> [TASK INSTRUCTIONS]: Leaving out every picture, quote the data below exactly as it appears.

> [DATA EXTRACT]:
◆ ◆ ◆ ◆
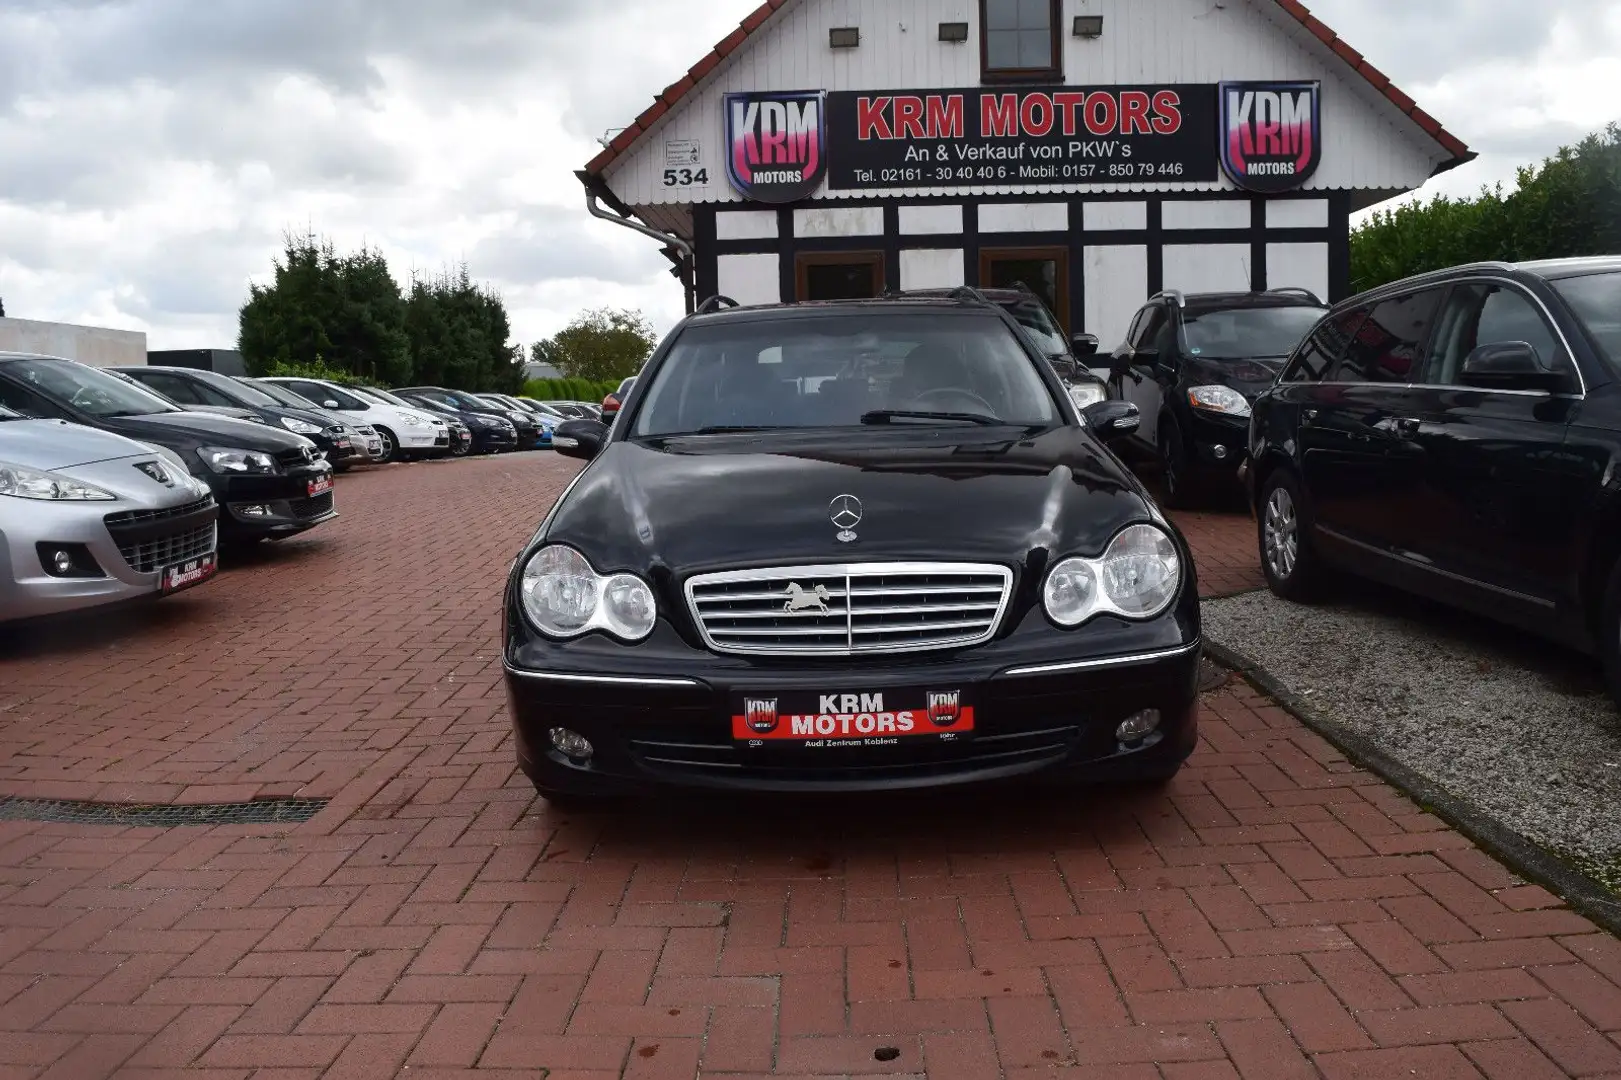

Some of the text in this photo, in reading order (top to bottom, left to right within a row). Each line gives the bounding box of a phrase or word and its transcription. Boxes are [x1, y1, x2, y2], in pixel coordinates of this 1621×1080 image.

[857, 90, 1182, 141] KRM MOTORS
[733, 101, 819, 184] KRM
[1229, 91, 1312, 176] KRM
[904, 145, 929, 162] An
[936, 145, 949, 161] &
[955, 143, 1025, 160] Verkauf
[1030, 146, 1062, 159] von
[663, 168, 709, 187] 534
[753, 170, 802, 184] MOTORS
[854, 170, 877, 182] Tel.
[881, 168, 922, 182] 02161
[935, 168, 952, 180] 30
[956, 167, 972, 179] 40
[976, 167, 993, 179] 40
[997, 166, 1006, 179] 6
[1019, 165, 1059, 178] Mobil:
[1062, 165, 1095, 177] 0157
[1109, 163, 1135, 176] 850
[1137, 163, 1154, 176] 79
[1157, 163, 1183, 175] 446
[1247, 162, 1295, 176] MOTORS
[819, 692, 884, 714] KRM
[791, 711, 914, 735] MOTORS
[804, 737, 898, 747] Audi Zentrum Koblenz
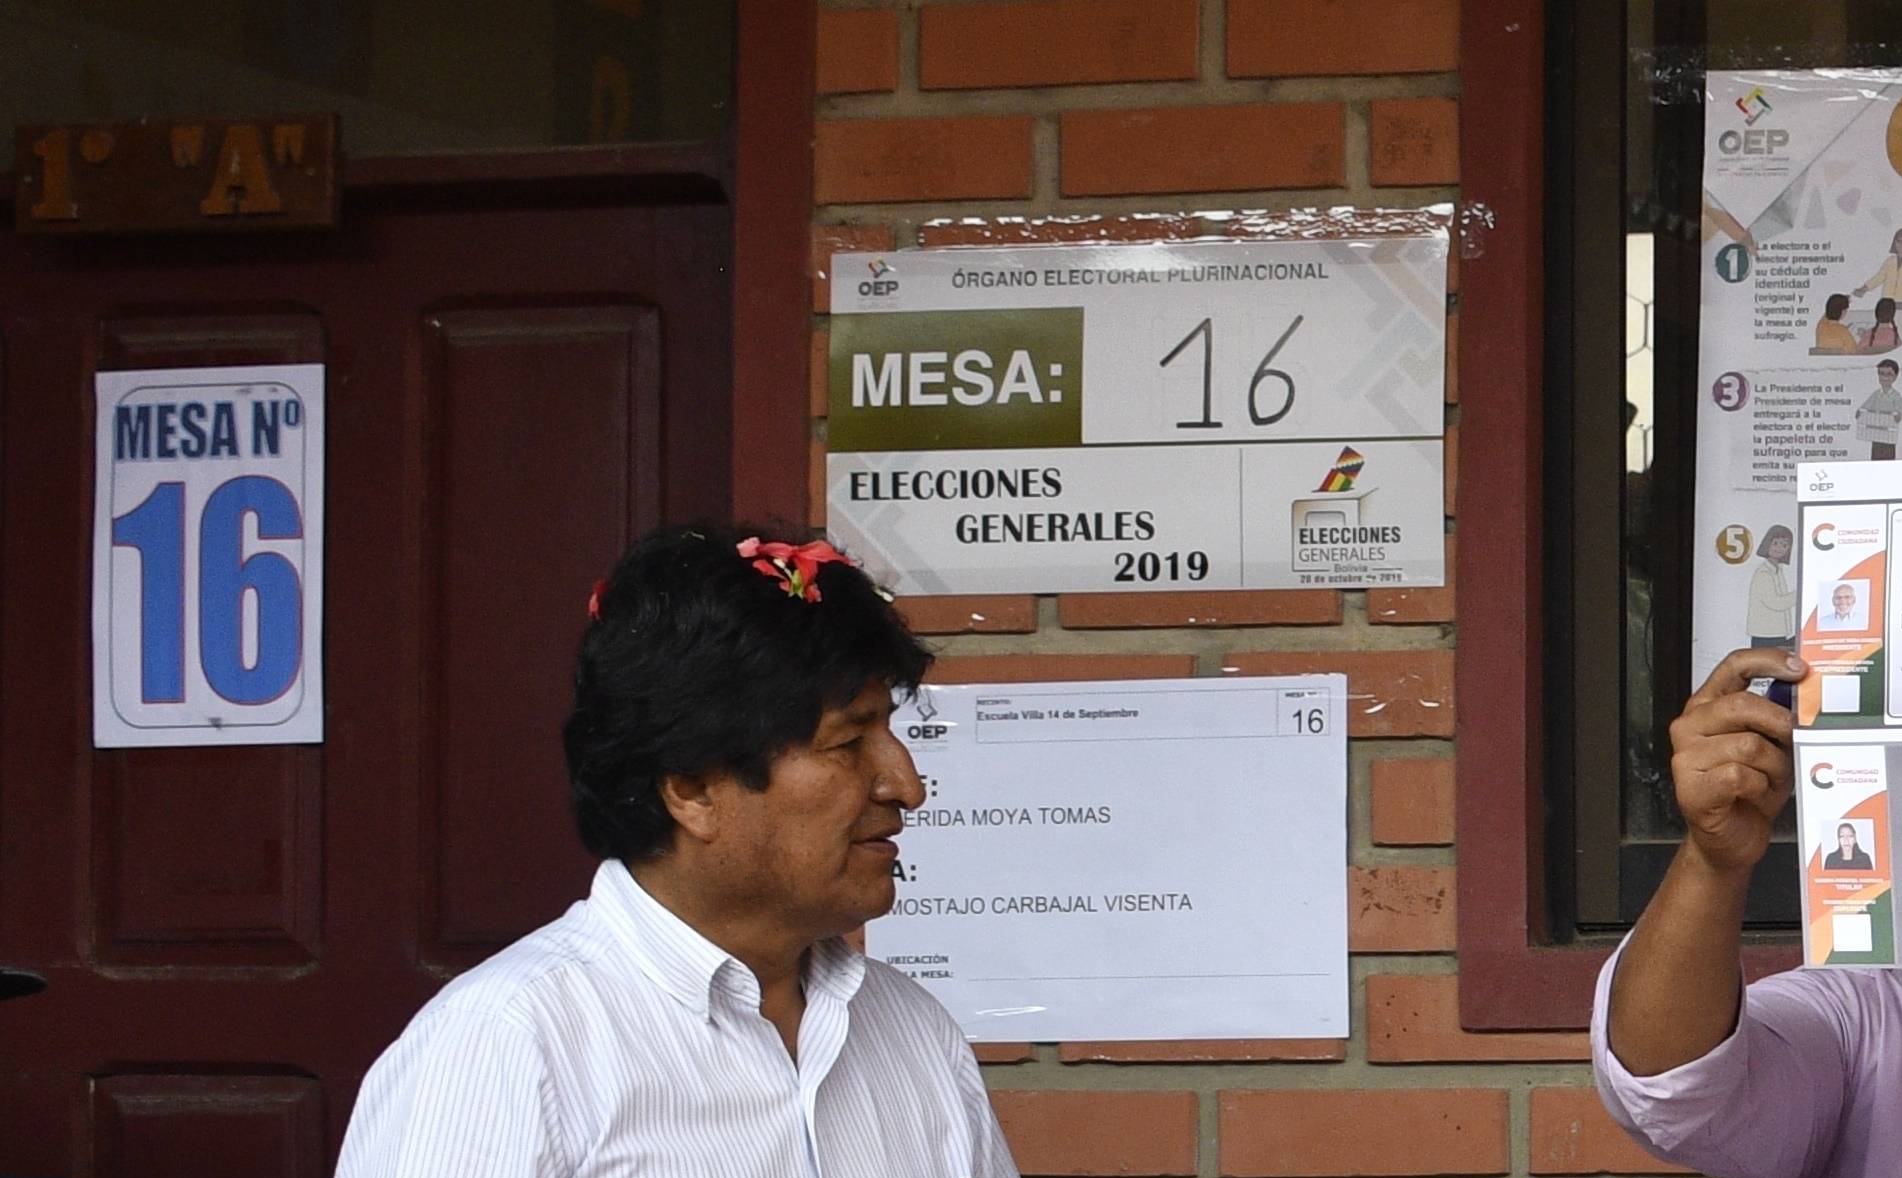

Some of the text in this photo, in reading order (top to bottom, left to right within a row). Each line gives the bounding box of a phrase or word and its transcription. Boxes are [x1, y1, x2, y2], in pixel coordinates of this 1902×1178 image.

[1719, 129, 1789, 155] OEP
[951, 261, 1329, 288] ÓRGANO ELECTORAL PLURINACIONAL
[1729, 248, 1739, 280] 1
[858, 281, 899, 295] OEP
[852, 350, 1062, 407] MESA:
[1160, 315, 1303, 429] 16
[1721, 378, 1740, 406] 3
[115, 402, 239, 460] MESA
[849, 468, 1062, 501] ELECCIONES
[956, 510, 1155, 544] GENERALES
[1299, 526, 1401, 545] ELECCIONES
[1299, 546, 1385, 562] GENERALES
[1724, 529, 1746, 556] 5
[1113, 550, 1209, 581] 2019
[112, 474, 303, 704] 16
[976, 708, 1138, 722] Escuela Villa 14 de Septiembre
[1292, 709, 1324, 734] 16
[907, 726, 947, 739] OEP
[904, 807, 1110, 828] ERIDA MOYA TOMAS
[992, 896, 1096, 914] CARBAJAL
[1105, 894, 1191, 913] VISENTA
◆ ◆ ◆ ◆
> [SOLVED PROBLEM]:
Some of the text in this photo, in reading order (top to bottom, left to right within a row). Each line gives the bounding box of a phrase or word and its transcription. Boxes are [x1, y1, x2, y2], in pixel coordinates of this 1621×1080 image.

[857, 90, 1182, 141] KRM MOTORS
[733, 101, 819, 184] KRM
[1229, 91, 1312, 176] KRM
[904, 145, 929, 162] An
[936, 145, 949, 161] &
[955, 143, 1025, 160] Verkauf
[1030, 146, 1062, 159] von
[663, 168, 709, 187] 534
[753, 170, 802, 184] MOTORS
[854, 170, 877, 182] Tel.
[881, 168, 922, 182] 02161
[935, 168, 952, 180] 30
[956, 167, 972, 179] 40
[976, 167, 993, 179] 40
[997, 166, 1006, 179] 6
[1019, 165, 1059, 178] Mobil:
[1062, 165, 1095, 177] 0157
[1109, 163, 1135, 176] 850
[1137, 163, 1154, 176] 79
[1157, 163, 1183, 175] 446
[1247, 162, 1295, 176] MOTORS
[819, 692, 884, 714] KRM
[791, 711, 914, 735] MOTORS
[804, 737, 898, 747] Audi Zentrum Koblenz

Some of the text in this photo, in reading order (top to bottom, left to right within a row). Each line gives the bounding box of a phrase or word and its transcription. Boxes are [x1, y1, x2, y2], in pixel coordinates of this 1902×1178 image.

[1719, 129, 1789, 155] OEP
[951, 261, 1329, 288] ÓRGANO ELECTORAL PLURINACIONAL
[1729, 248, 1739, 280] 1
[858, 281, 899, 295] OEP
[852, 350, 1062, 407] MESA:
[1160, 315, 1303, 429] 16
[1721, 378, 1740, 406] 3
[115, 402, 239, 460] MESA
[849, 468, 1062, 501] ELECCIONES
[956, 510, 1155, 544] GENERALES
[1299, 526, 1401, 545] ELECCIONES
[1299, 546, 1385, 562] GENERALES
[1724, 529, 1746, 556] 5
[1113, 550, 1209, 581] 2019
[112, 474, 303, 704] 16
[976, 708, 1138, 722] Escuela Villa 14 de Septiembre
[1292, 709, 1324, 734] 16
[907, 726, 947, 739] OEP
[904, 807, 1110, 828] ERIDA MOYA TOMAS
[992, 896, 1096, 914] CARBAJAL
[1105, 894, 1191, 913] VISENTA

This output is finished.